Leave the pictures out and print every record below exactly as it stands.

Input material:
=====
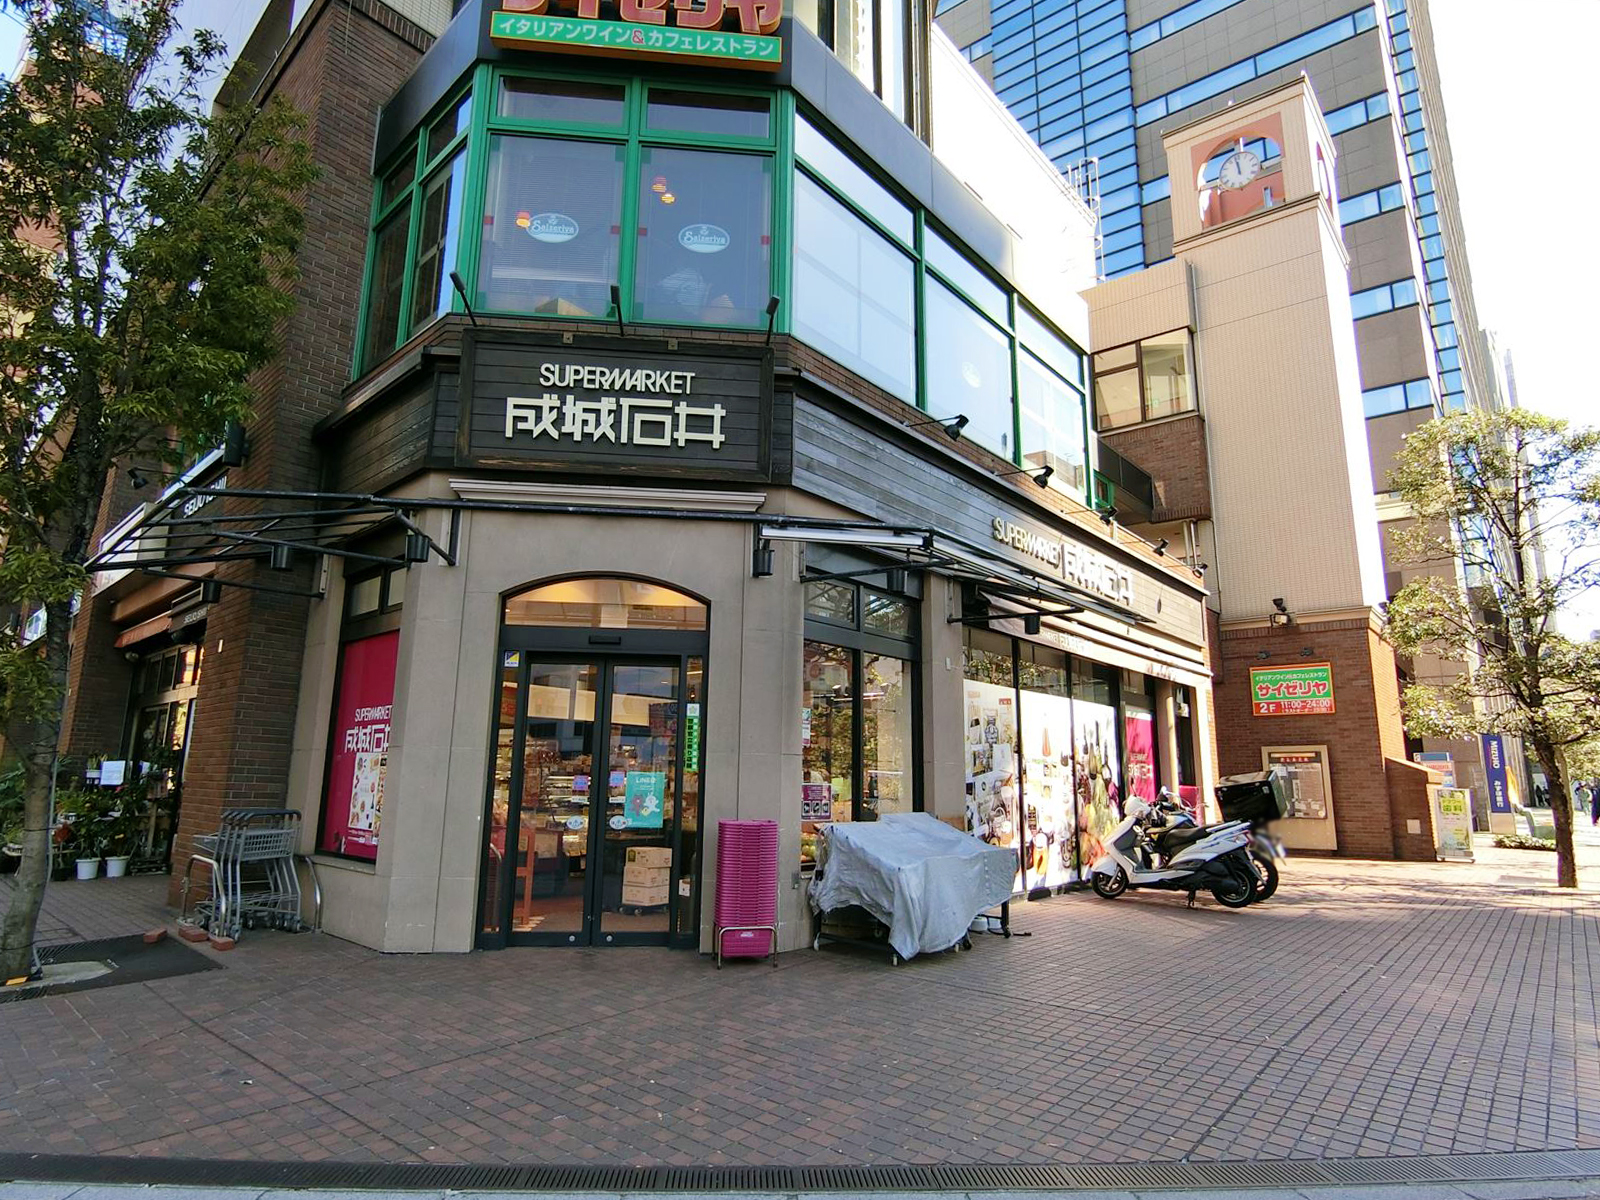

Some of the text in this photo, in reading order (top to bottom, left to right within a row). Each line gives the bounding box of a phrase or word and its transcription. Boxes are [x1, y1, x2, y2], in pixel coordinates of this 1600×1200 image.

[500, 18, 775, 56] イタリアンワイン&カフェレストラン
[539, 363, 695, 394] SUPERMARKET
[505, 394, 726, 449] 成城石井
[993, 516, 1062, 570] SUPERMARKET
[1256, 680, 1328, 698] サイゼリヤ
[1490, 740, 1501, 769] MIZUHO
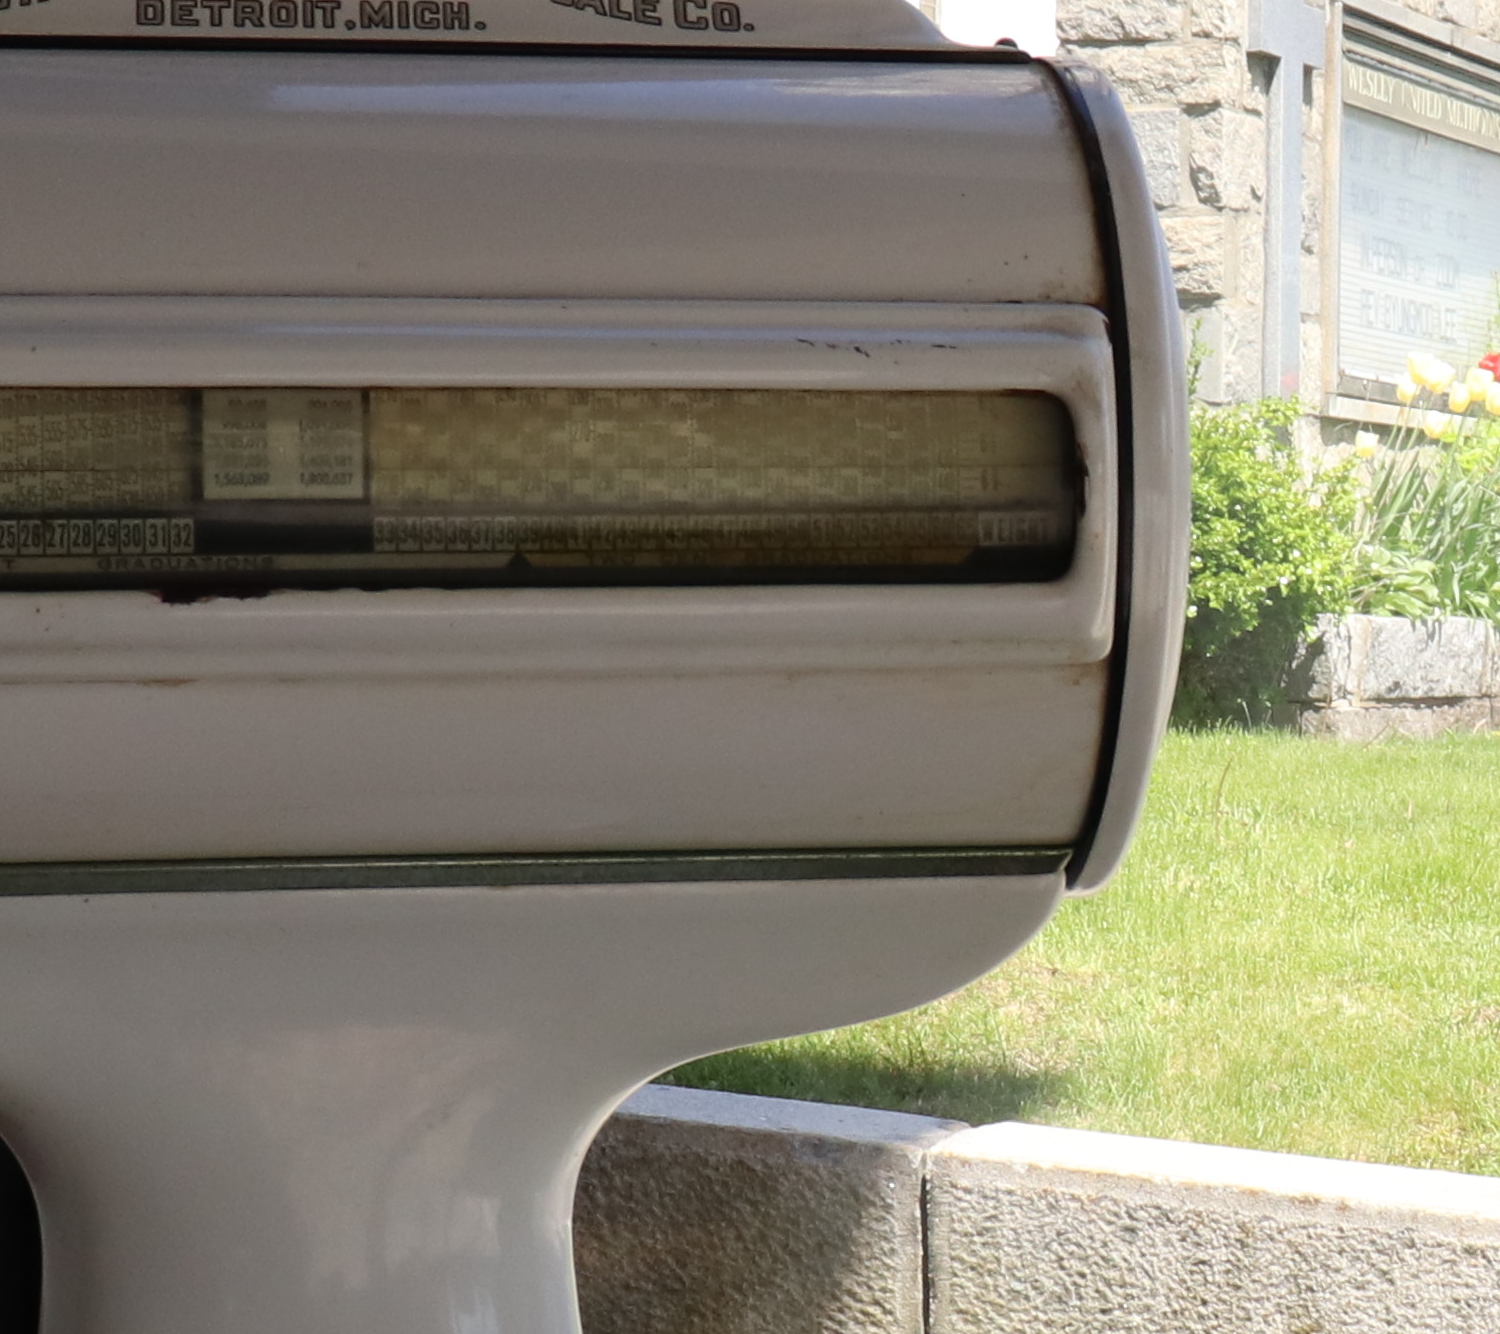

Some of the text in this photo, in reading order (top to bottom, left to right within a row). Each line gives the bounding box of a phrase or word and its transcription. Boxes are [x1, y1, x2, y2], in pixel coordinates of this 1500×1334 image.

[1347, 62, 1395, 104] WESLEY
[1400, 80, 1442, 119] UNITED
[20, 524, 41, 550] 26
[46, 524, 67, 549] 27
[72, 524, 92, 549] 28
[97, 524, 117, 549] 29
[122, 524, 142, 549] 30
[148, 524, 168, 549] 31
[172, 524, 193, 549] 32
[96, 556, 274, 572] GRADUATIONS
=====
Answer to this problem:
Some of the text in this photo, in reading order (top to bottom, left to right within a row). Each line gives the bounding box of a phrase or word and its transcription. Boxes are [x1, y1, x2, y2], in pixel coordinates of this 1600×1200 image.

[500, 18, 775, 56] イタリアンワイン&カフェレストラン
[539, 363, 695, 394] SUPERMARKET
[505, 394, 726, 449] 成城石井
[993, 516, 1062, 570] SUPERMARKET
[1256, 680, 1328, 698] サイゼリヤ
[1490, 740, 1501, 769] MIZUHO

Some of the text in this photo, in reading order (top to bottom, left to right within a row). Each line gives the bounding box of a phrase or word and its transcription. Boxes are [x1, y1, x2, y2], in pixel coordinates of this 1500×1334 image.

[1347, 62, 1395, 104] WESLEY
[1400, 80, 1442, 119] UNITED
[20, 524, 41, 550] 26
[46, 524, 67, 549] 27
[72, 524, 92, 549] 28
[97, 524, 117, 549] 29
[122, 524, 142, 549] 30
[148, 524, 168, 549] 31
[172, 524, 193, 549] 32
[96, 556, 274, 572] GRADUATIONS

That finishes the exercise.